Shoulder clod is a less expensive cut of meat that's tougher and needs a little more time to cook.
AlisonBlair2 /Flickr
Shoulder clod is a less expensive cut of meat that's tougher and needs a little more time to cook.

According to federal government figures, beef prices are at their highest levels in almost 30 years.

The average price of choice-grade beef in February was $5.28. Numbers aren't out yet for March or April, but they'll be high as well.

"We're in record territory actually," says David Anderson, a professor of agricultural economics at Texas A&M University. He says the biggest reason for these high prices is drought.

"Texas is our biggest cattle state, and 2011 was the driest year on record. And we continue in drought," Anderson says.

That drought, all over the Southwest, leads to higher feed prices, which means cattle ranchers raise fewer cows. Anderson says this decrease in supply is matched by an increase in demand from emerging economies, like China.

"One of the things that happens that we see in people everywhere: When their incomes go up the first thing they do is they upgrade their diets," says Anderson. "And so that usually means eating more meat."

It all adds up to a smaller supply, higher global demand and higher prices.

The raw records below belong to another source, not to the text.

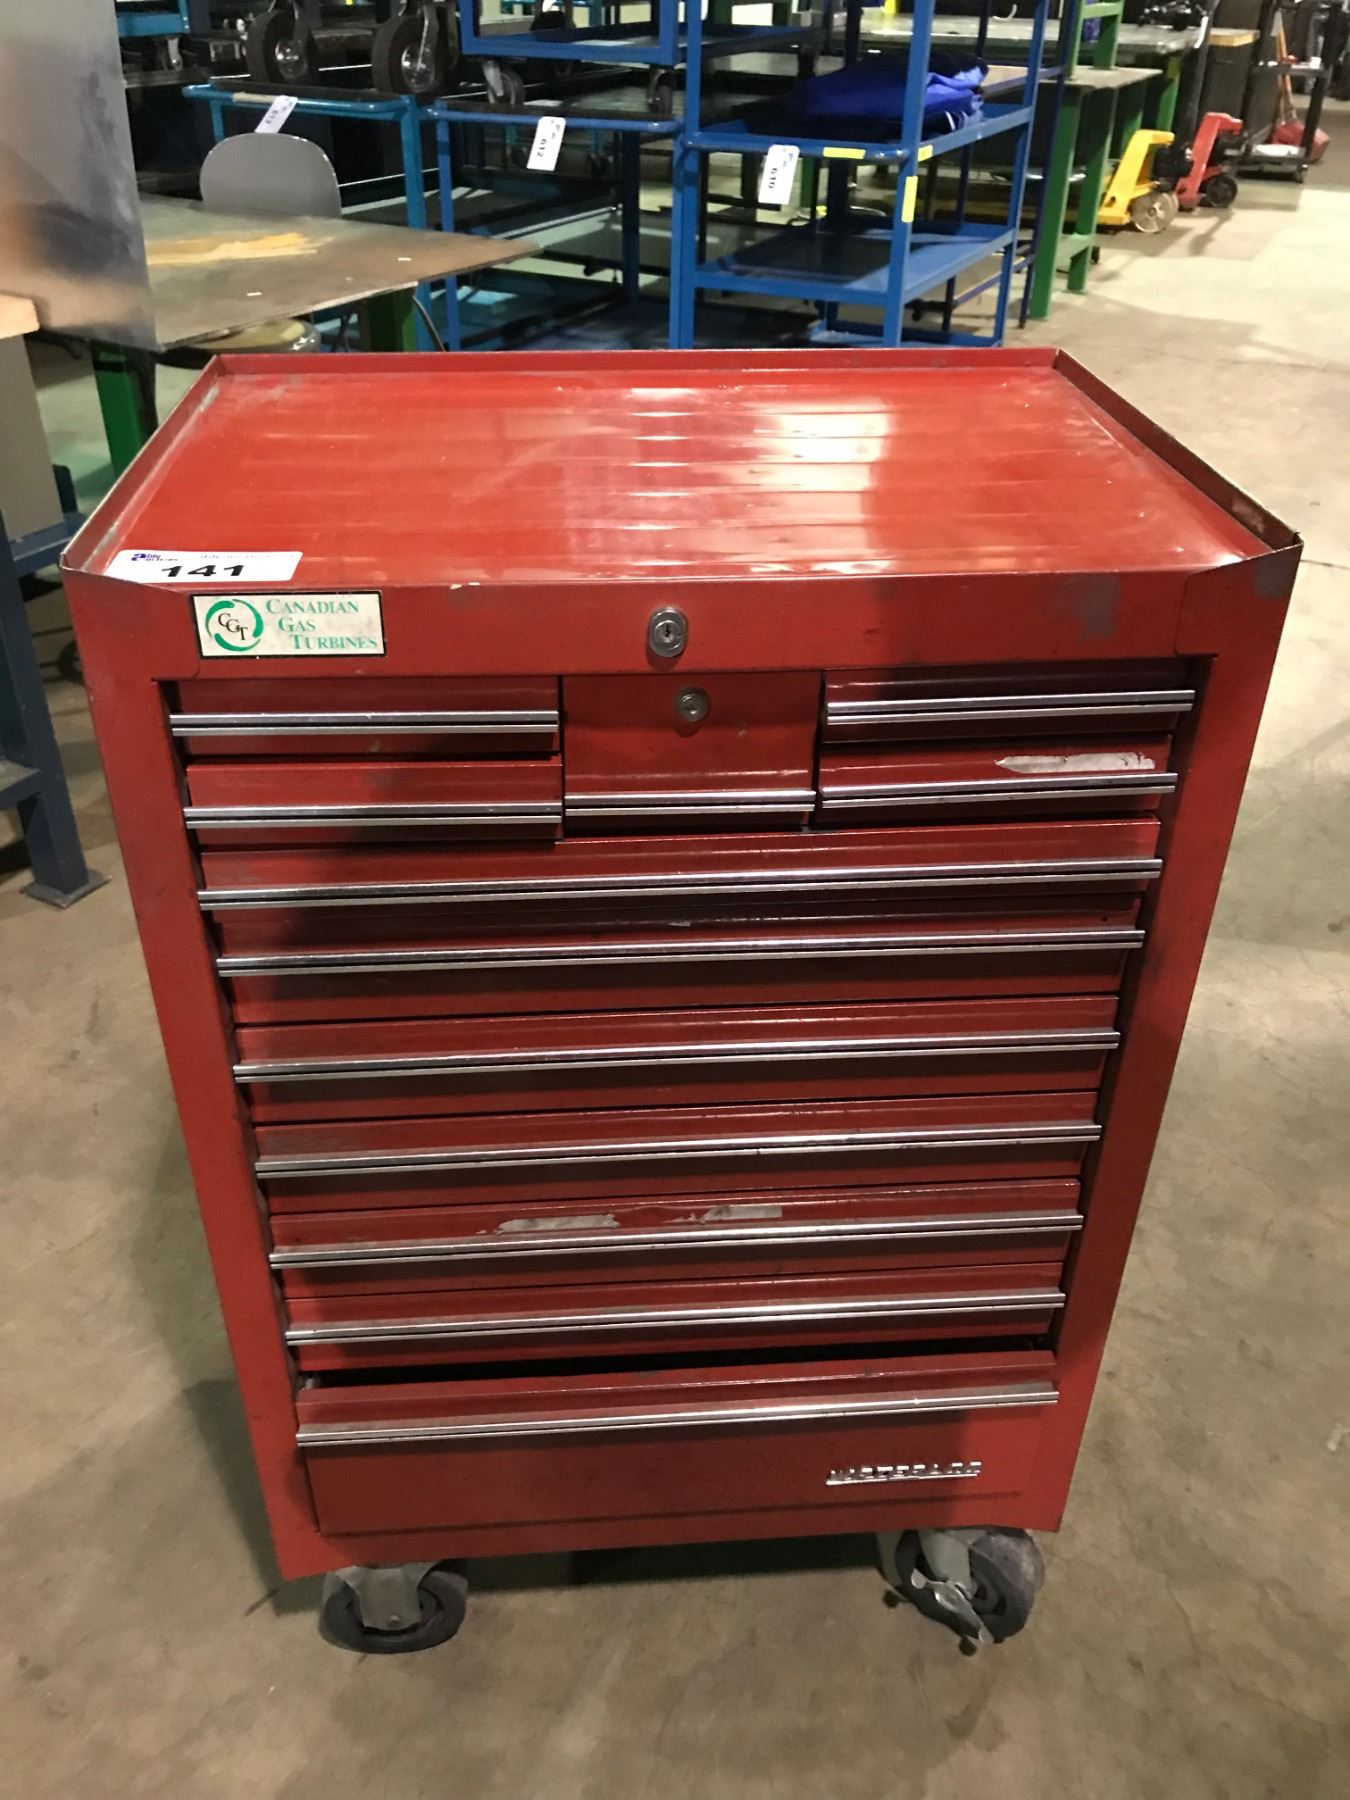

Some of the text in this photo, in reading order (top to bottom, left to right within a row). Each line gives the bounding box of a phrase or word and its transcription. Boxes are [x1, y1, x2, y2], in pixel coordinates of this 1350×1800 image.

[161, 564, 244, 578] 141
[265, 598, 360, 615] CANADIAN
[217, 612, 249, 641] CGT
[278, 616, 317, 633] GAS
[289, 634, 378, 651] TURBINES
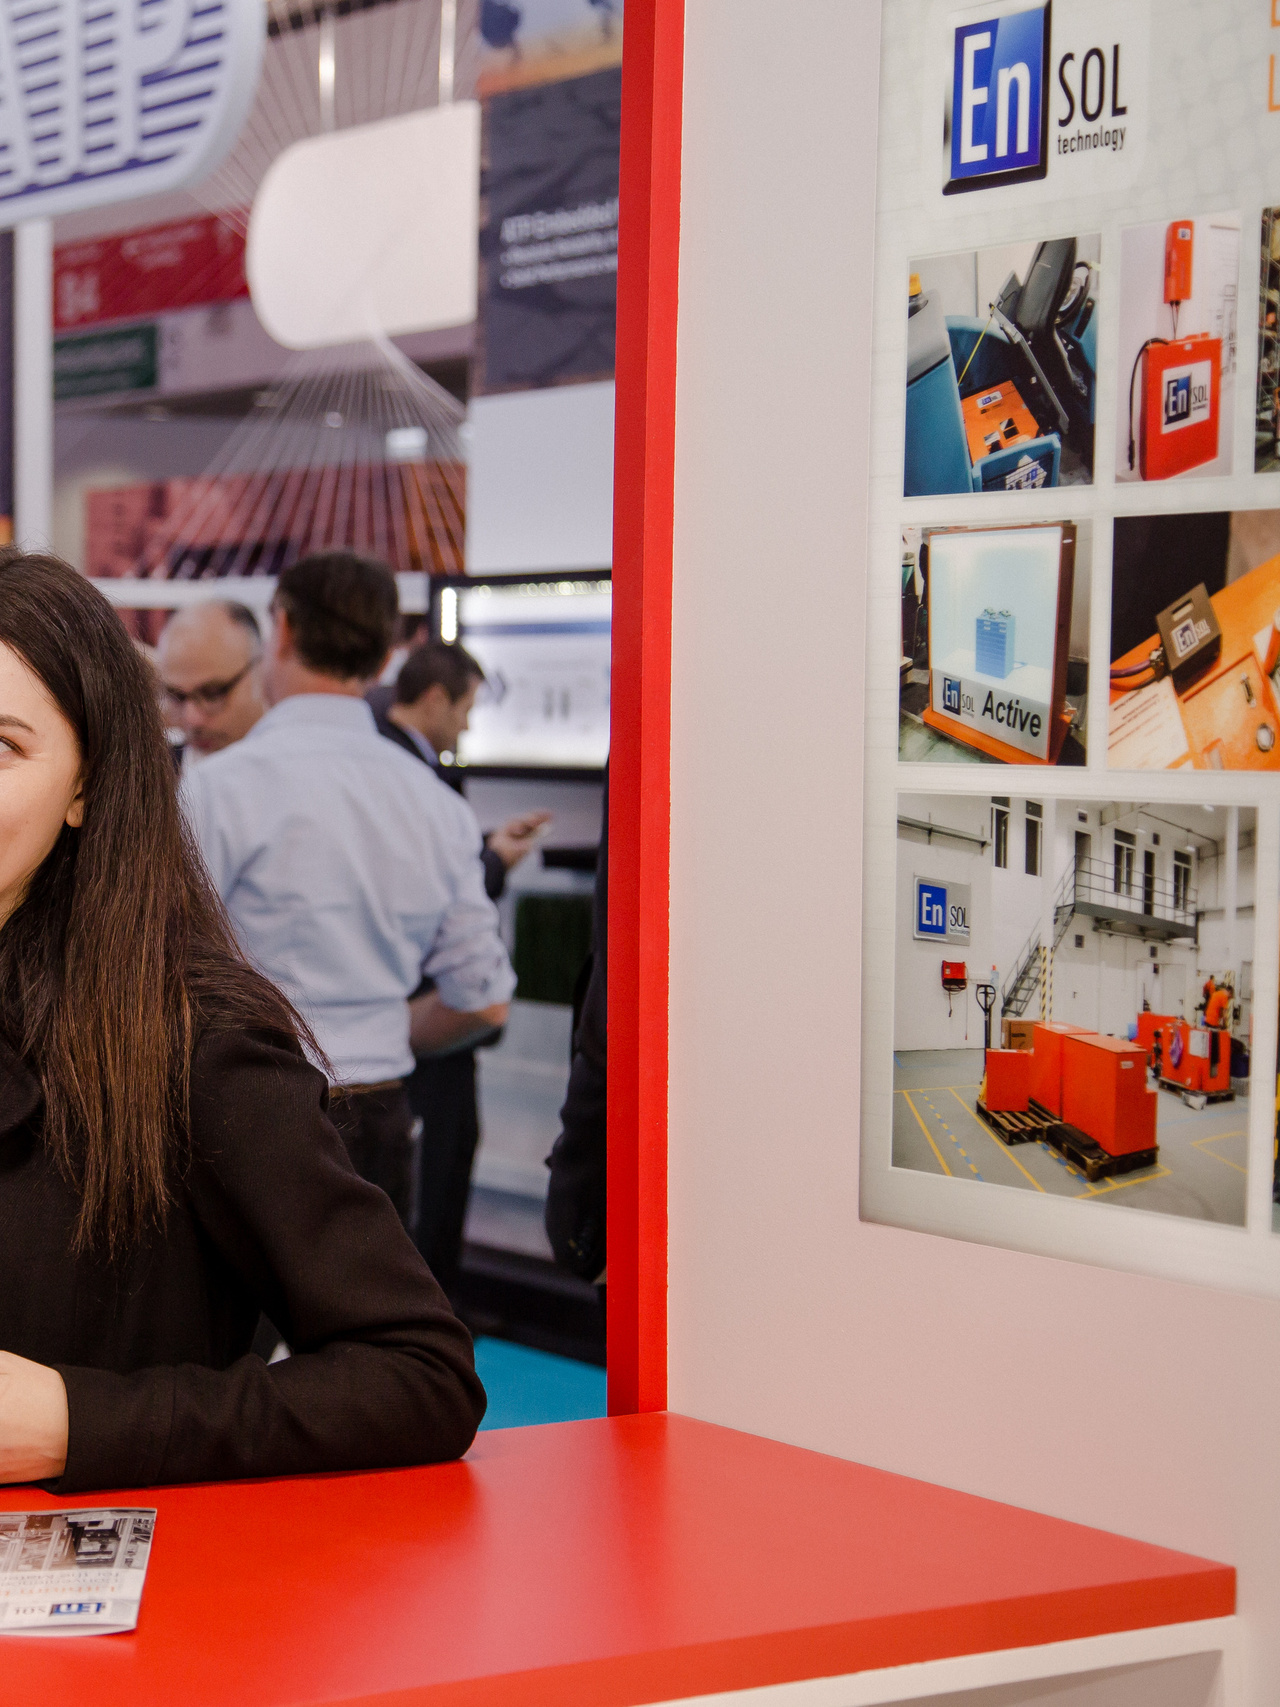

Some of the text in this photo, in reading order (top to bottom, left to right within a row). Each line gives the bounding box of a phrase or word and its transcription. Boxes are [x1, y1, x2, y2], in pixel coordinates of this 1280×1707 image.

[960, 31, 1128, 164] En SOL
[1057, 125, 1127, 155] technology
[1168, 381, 1188, 417] En
[945, 678, 958, 709] En
[981, 690, 1042, 738] Active
[922, 892, 970, 929] En SOL

So, as grilling season starts, beef for barbecueing is going to be expensive. But Daniel Vaughn, the barbecue editor for Texas Monthly, says there are some cheaper beef cuts that will still taste good, with a little more effort.

He recommends beef chuck short ribs, beef back ribs and shoulder clod, a less tender shoulder cut.

But, Vaughn says, you've got to cook those cuts a little differently: "Go low and slow."

That means low temperature and long cooking times: maybe up to eight hours on the grill.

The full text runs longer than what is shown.